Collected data
******************************
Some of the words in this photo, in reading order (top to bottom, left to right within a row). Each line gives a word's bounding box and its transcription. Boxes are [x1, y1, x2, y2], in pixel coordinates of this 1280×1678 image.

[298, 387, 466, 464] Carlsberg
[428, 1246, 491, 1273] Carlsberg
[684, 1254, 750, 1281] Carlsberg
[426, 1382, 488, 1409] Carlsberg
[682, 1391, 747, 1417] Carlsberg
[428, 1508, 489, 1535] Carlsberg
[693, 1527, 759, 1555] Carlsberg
******************************
▶ Aim of the task:
Reproduce all the records, exactly and in full.

▶ Response area:
Some of the words in this photo, in reading order (top to bottom, left to right within a row). Each line gives a word's bounding box and its transcription. Boxes are [x1, y1, x2, y2], in pixel coordinates of this 1280×1678 image.

[298, 387, 466, 464] Carlsberg
[428, 1246, 491, 1273] Carlsberg
[684, 1254, 750, 1281] Carlsberg
[426, 1382, 488, 1409] Carlsberg
[682, 1391, 747, 1417] Carlsberg
[428, 1508, 489, 1535] Carlsberg
[693, 1527, 759, 1555] Carlsberg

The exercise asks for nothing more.